12.  Cabimento da remição ficta no trabalho de natureza eventual, porquanto não se pode presumir que deixou de ser oferecido e exercido em razão do estado pandêmico

HABEAS CORPUS

Não cabe a remição ficta no trabalho de natureza eventual, porquanto não se pode presumir que deixou de ser oferecido e exercido em razão do estado pandêmico.

HC 684.875-DF, Rel. Ministro Sebastião Reis Júnior, Sexta Turma, por unanimidade, julgado em 21/3/2023, DJe 23/3/2023. (Info 768)

12.1.                   Situação FÁTICA.

Creiton, apenado, requereu a remissão ficta em razão de trabalho realizado no Projeto Mãos Dadas durante o estado de pandemia. O pedido foi negado, diante das informações de que o trabalho realizado no citado projeto ocorria de forma pontual e não contínua.

Inconformada, a defesa de Creiton impetrou HC no qual sustenta que as tarefas extramuros realizadas no programa governamental não deixam de consistir em subespécie de trabalho externo, merecendo igualmente a remição ficta da pena pelo lapso em que os serviços ficaram paralisados.

12.2.                   Análise ESTRATÉGICA.

12.2.1. Questão JURÍDICA.

LEP:

Art. 126.  O condenado que cumpre a pena em regime fechado ou semiaberto poderá remir, por trabalho ou por estudo, parte do tempo de execução da pena.

§ 4o  O preso impossibilitado, por acidente, de prosseguir no trabalho ou nos estudos continuará a beneficiar-se com a remição.

12.2.2. Cabe remissão ficta?

R: Nooops!!!!

É cediço que, em regra geral, não se admite a remição ficta, posto que “O benefício da remição da pena pelo trabalho ou pelo estudo, consoante se denota do art. 126 da LEP, pressupõe que os reeducandos demonstrem a efetiva dedicação a trabalho ou estudo, com finalidade, portanto, produtiva ou educativa, dada a sua finalidade ressocializadora” (AgRg no HC 434.636/MG, Ministro Nefi Cordeiro, Sexta Turma, DJe 6/6/2018).
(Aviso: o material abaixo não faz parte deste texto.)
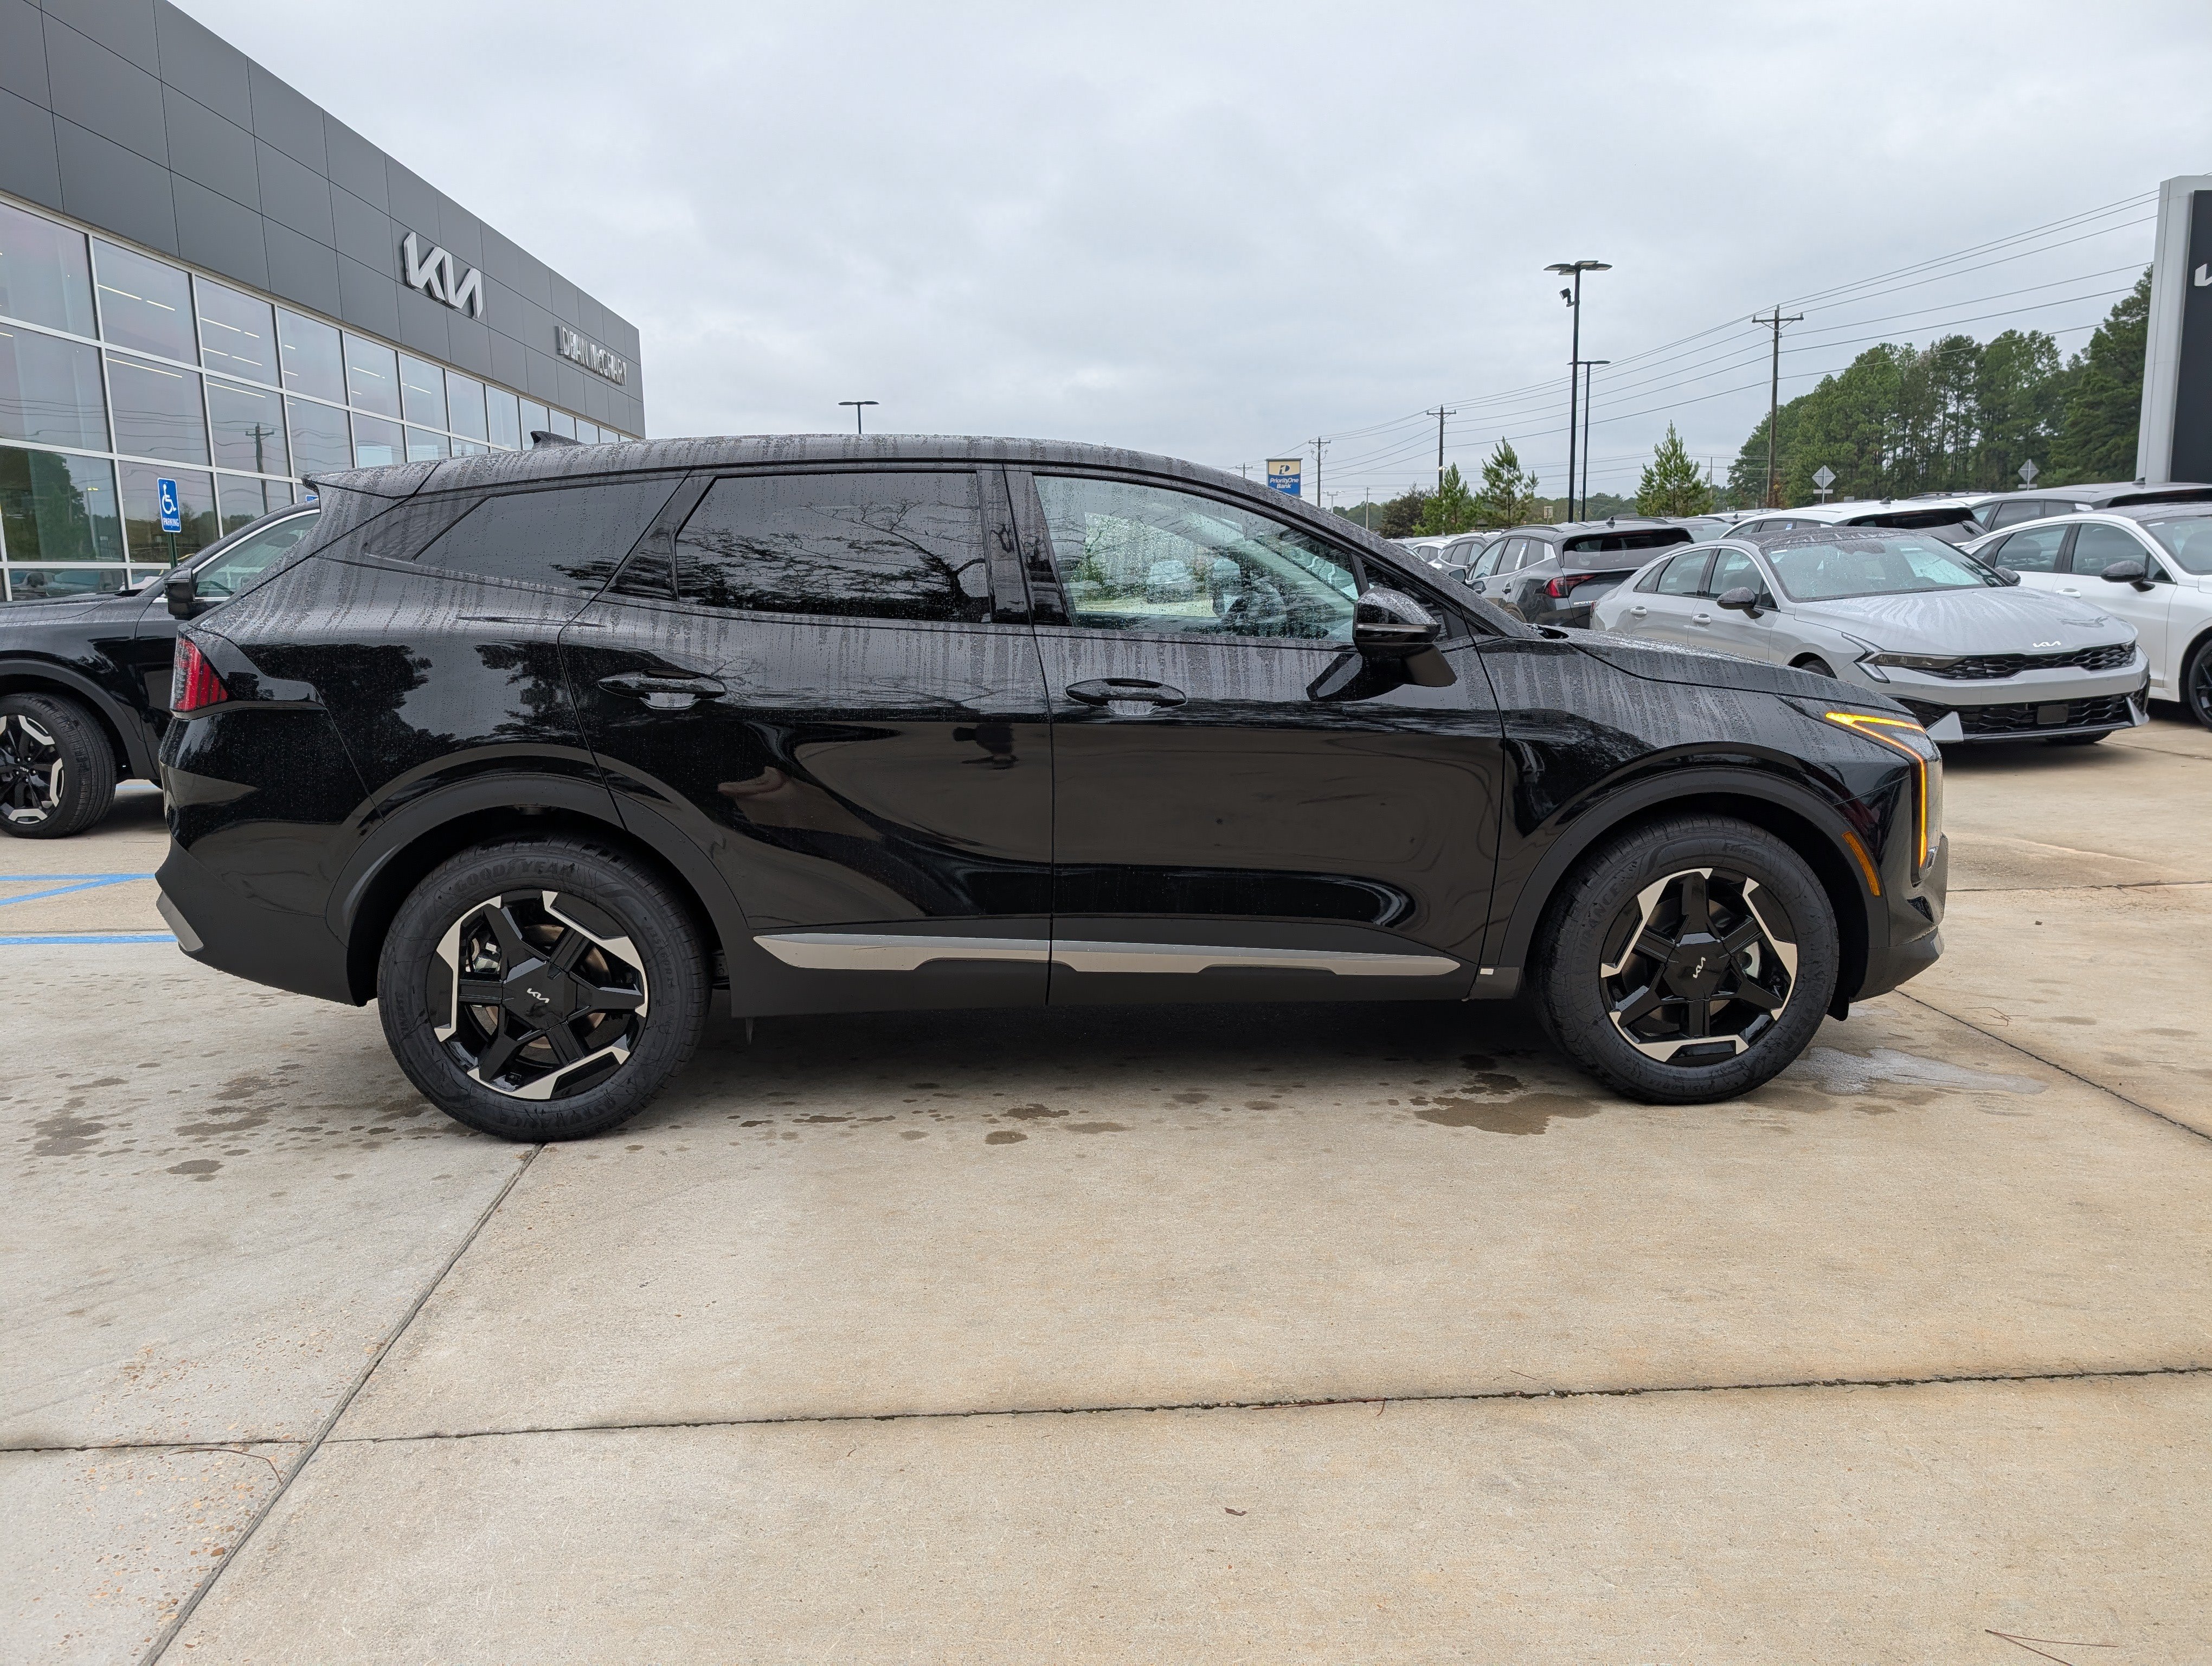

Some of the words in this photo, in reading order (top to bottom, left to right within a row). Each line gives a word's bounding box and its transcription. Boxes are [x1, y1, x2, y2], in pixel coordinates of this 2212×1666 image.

Ocorre que, em razão da pandemia da Covid-19, que impôs a adoção de medidas excepcionais, o STJ, no julgamento do REsp 1.953.607/SC (Tema Repetitivo 1120), fixou a tese de que”Nada obstante a interpretação restritiva que deve ser conferida ao art. 126, § 4º, da LEP, os princípios da individualização da pena, da dignidade da pessoa humana, da isonomia e da fraternidade, ao lado da teoria da derrotabilidade da norma e da situação excepcionalíssima da pandemia de Covid-19, impõem o cômputo do período de restrições sanitárias como de efetivo estudo ou trabalho em favor dos presos que já estavam trabalhando ou estudando e se viram impossibilitados de continuar seus afazeres unicamente em razão do estado pandêmico”.

Assim, em razão da excepcionalíssima pandemia da Covid-19, o período de restrições sanitárias deve ser comutado como de efetivo estudo ou trabalho em favor dos presos que já estavam trabalhando ou estudando e se viram impossibilitados de continuar seus afazeres unicamente em razão do estado pandêmico.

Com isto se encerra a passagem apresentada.